== Segment start ==

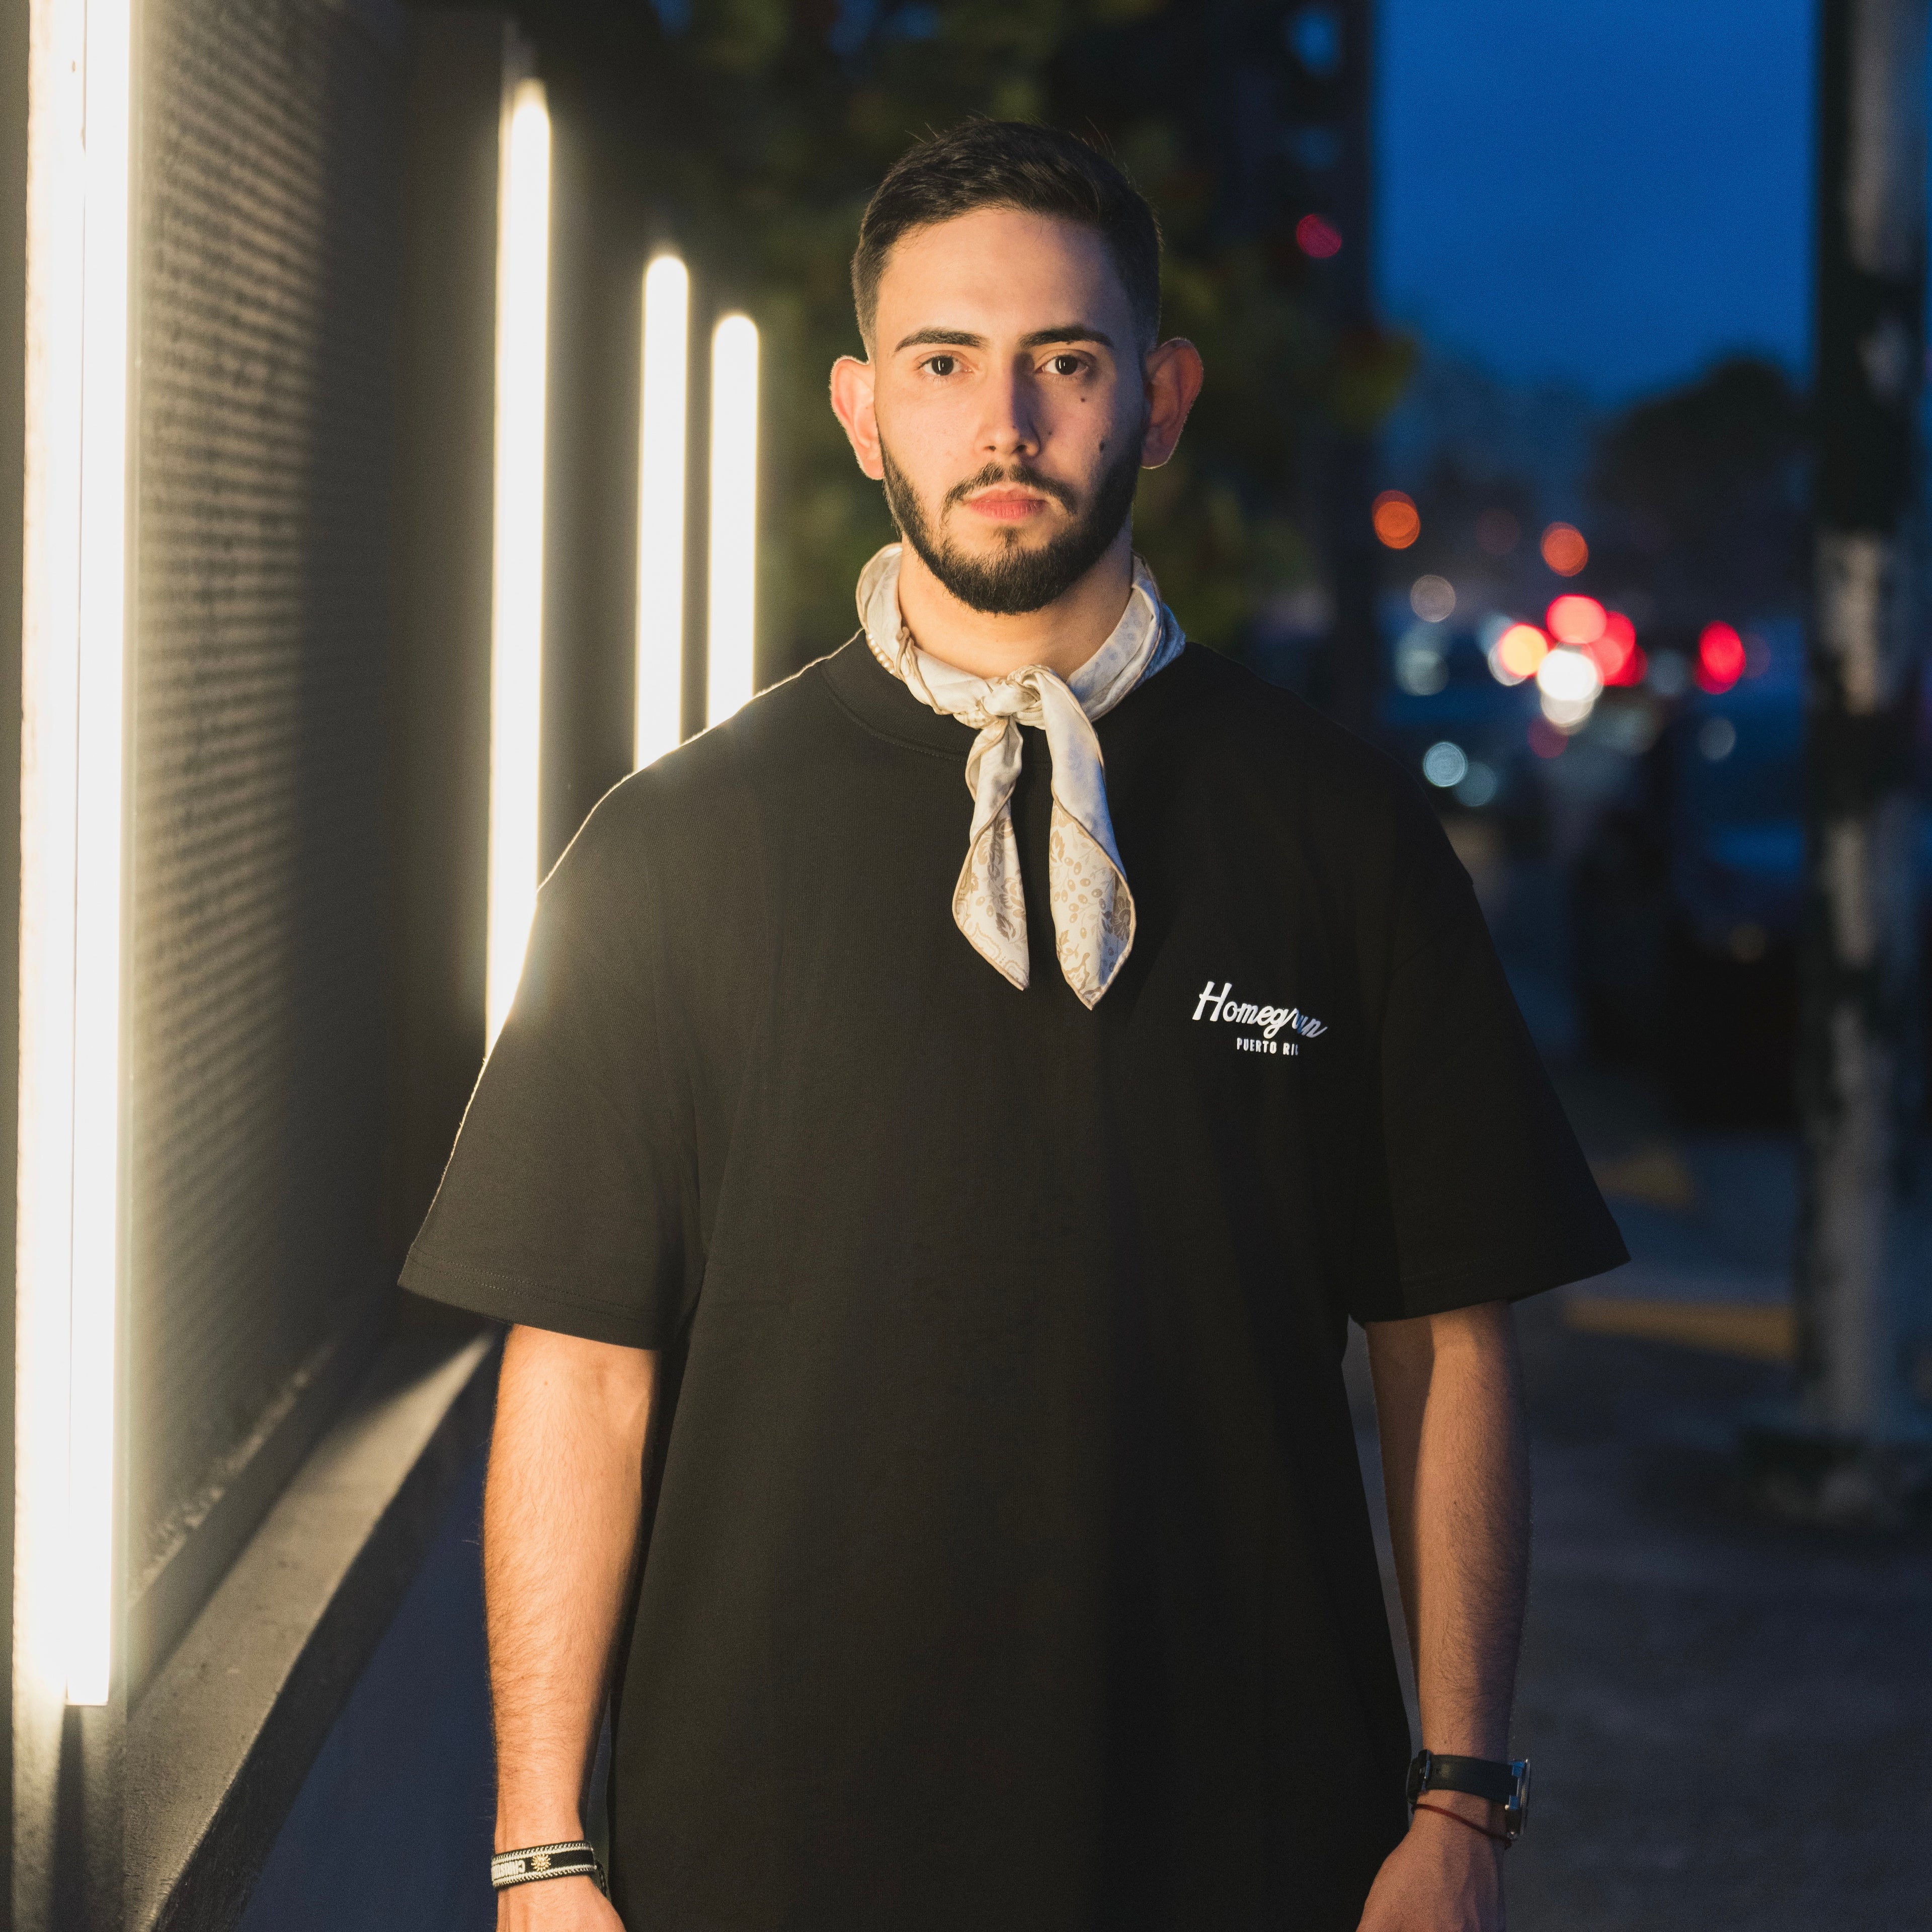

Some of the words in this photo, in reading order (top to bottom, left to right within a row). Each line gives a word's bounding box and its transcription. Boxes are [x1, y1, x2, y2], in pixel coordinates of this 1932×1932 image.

[1192, 981, 1328, 1039] Homegrn
[1236, 1037, 1277, 1055] PUERTO
[1282, 1042, 1299, 1056] RI
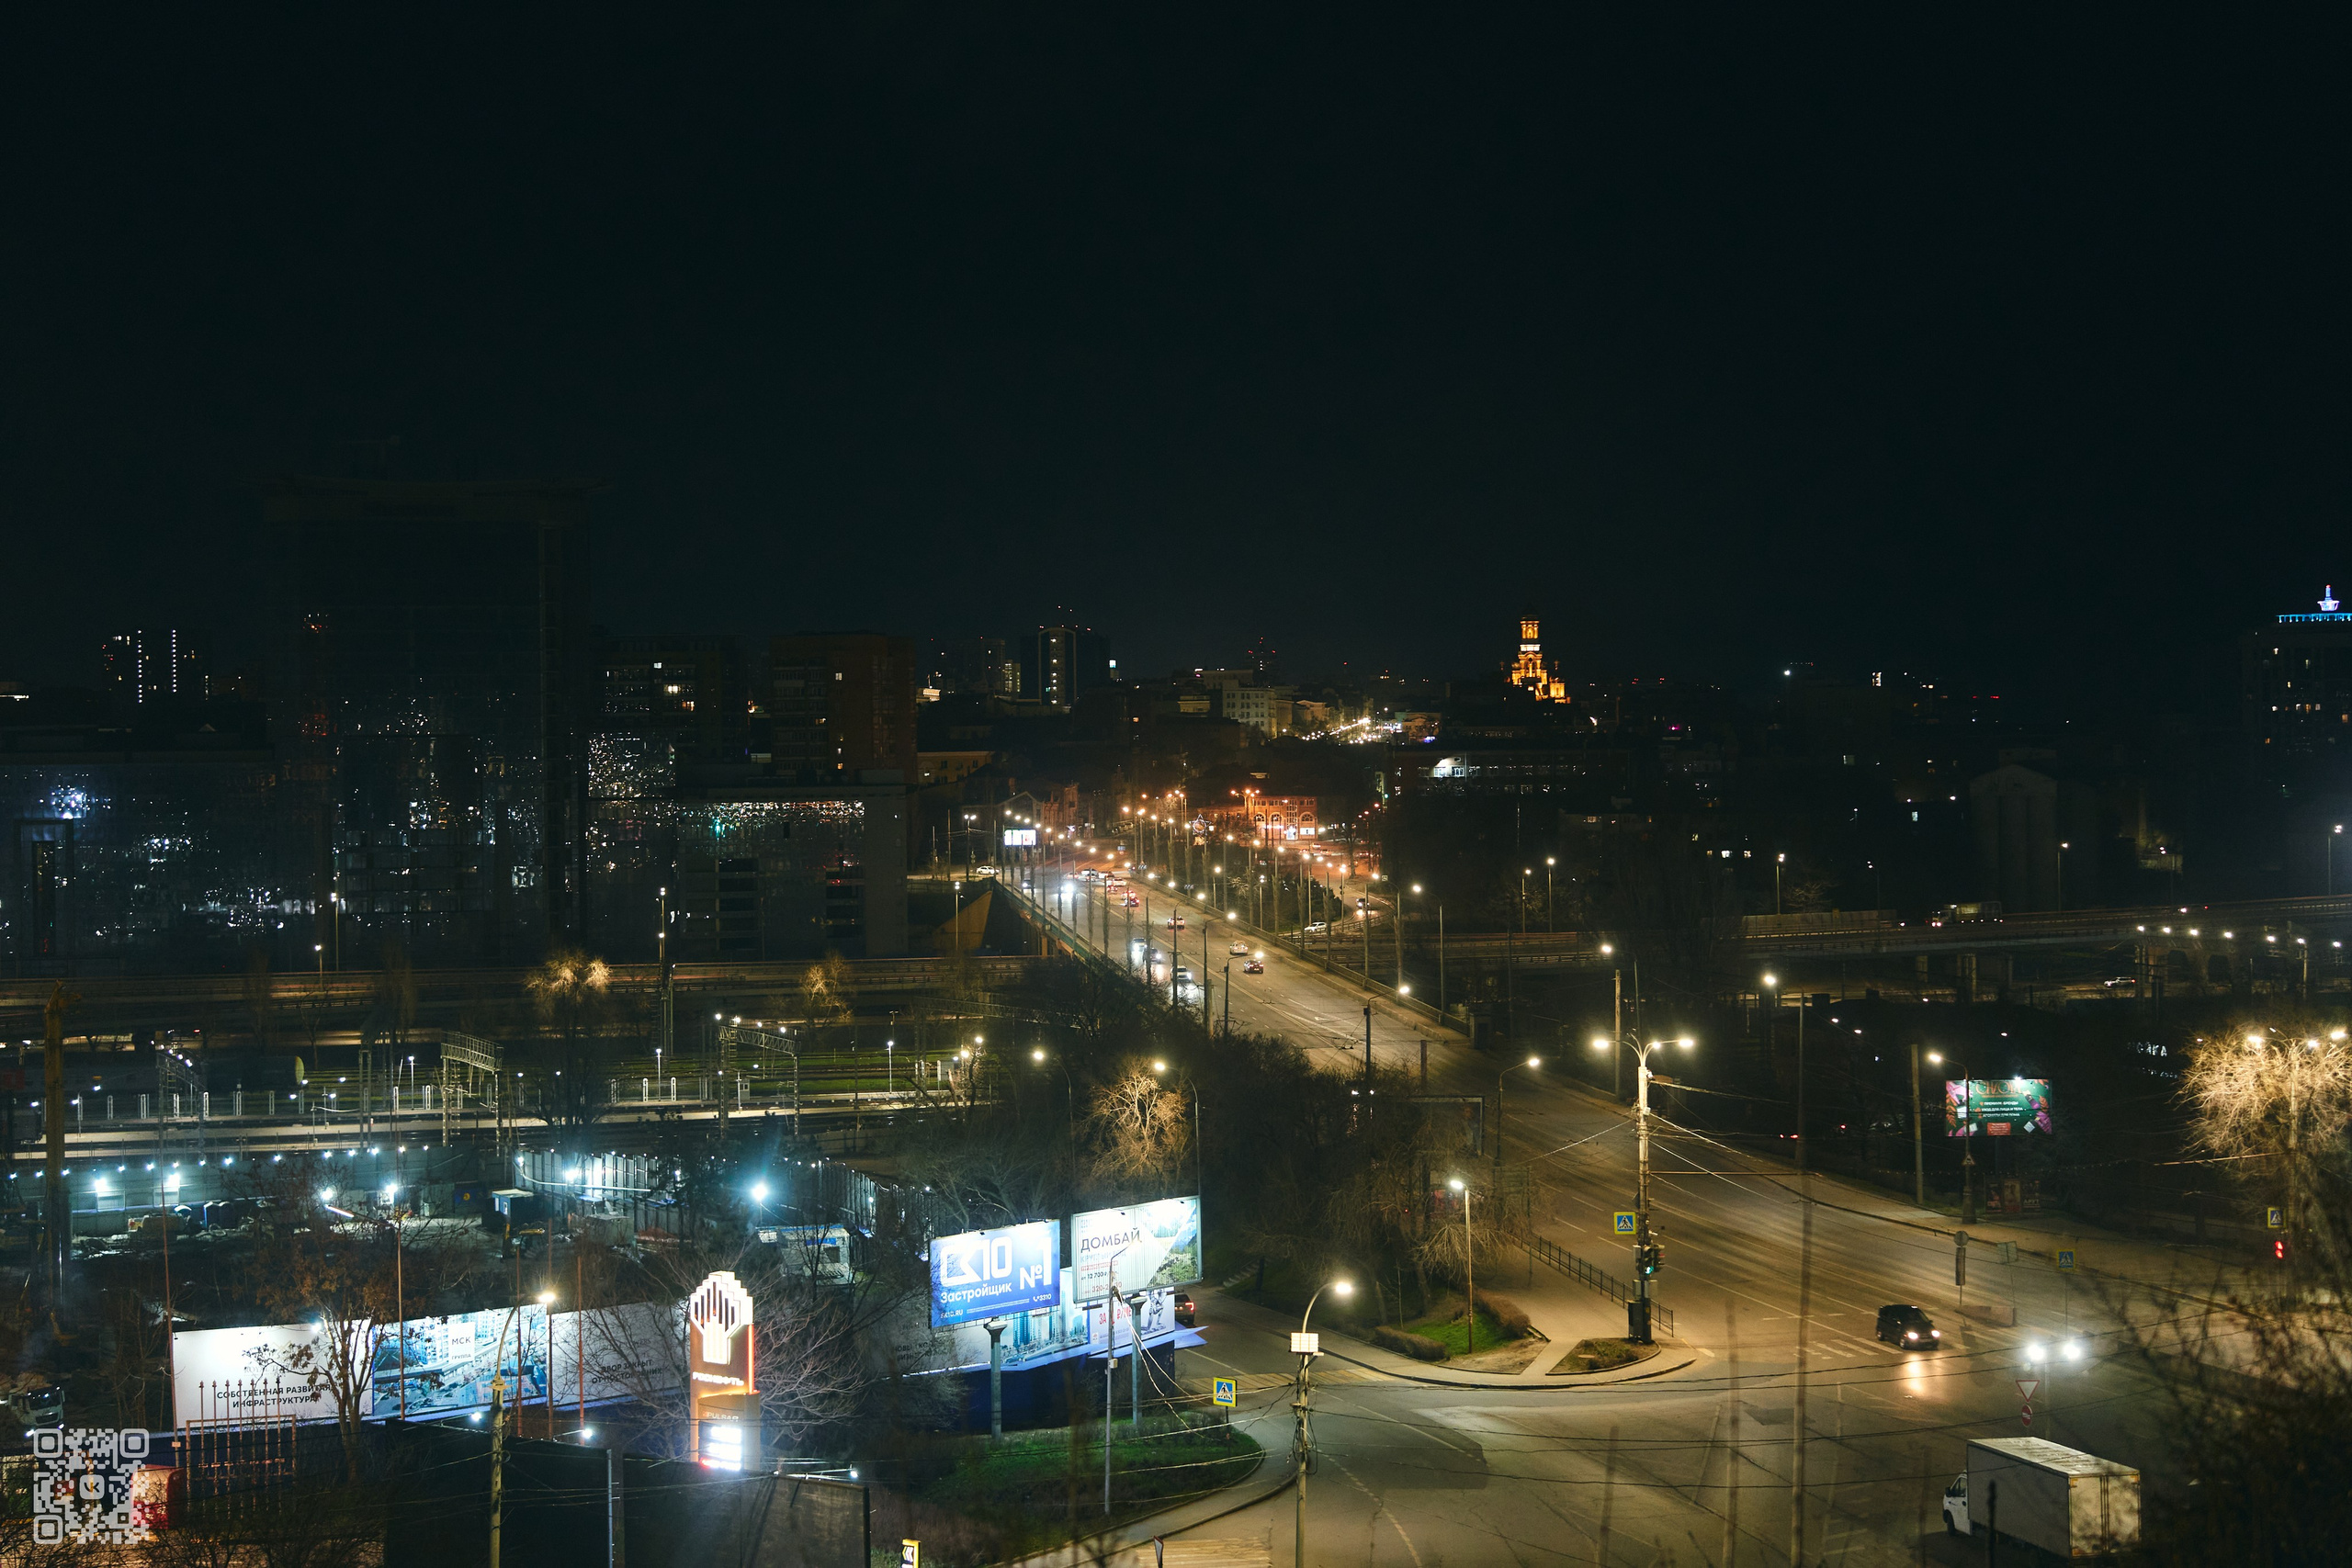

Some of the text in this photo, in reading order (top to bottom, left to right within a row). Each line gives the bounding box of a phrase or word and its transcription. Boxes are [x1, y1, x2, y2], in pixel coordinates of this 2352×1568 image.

== Segment end ==

A verbatim rendering of the listing above is required, without any of its pictures.

* _SOLUTION TO THIS TASK_
Some of the words in this photo, in reading order (top to bottom, left to right within a row). Each line gives a word's bounding box and its transcription. Boxes are [x1, y1, x2, y2], in pixel coordinates of this 1932×1932 image.

[1192, 981, 1328, 1039] Homegrn
[1236, 1037, 1277, 1055] PUERTO
[1282, 1042, 1299, 1056] RI

Some of the text in this photo, in reading order (top to bottom, left to right within a row). Each line gives the bounding box of a phrase or word and its transcription. Boxes are [x1, y1, x2, y2], in pixel coordinates of this 2352×1568 image.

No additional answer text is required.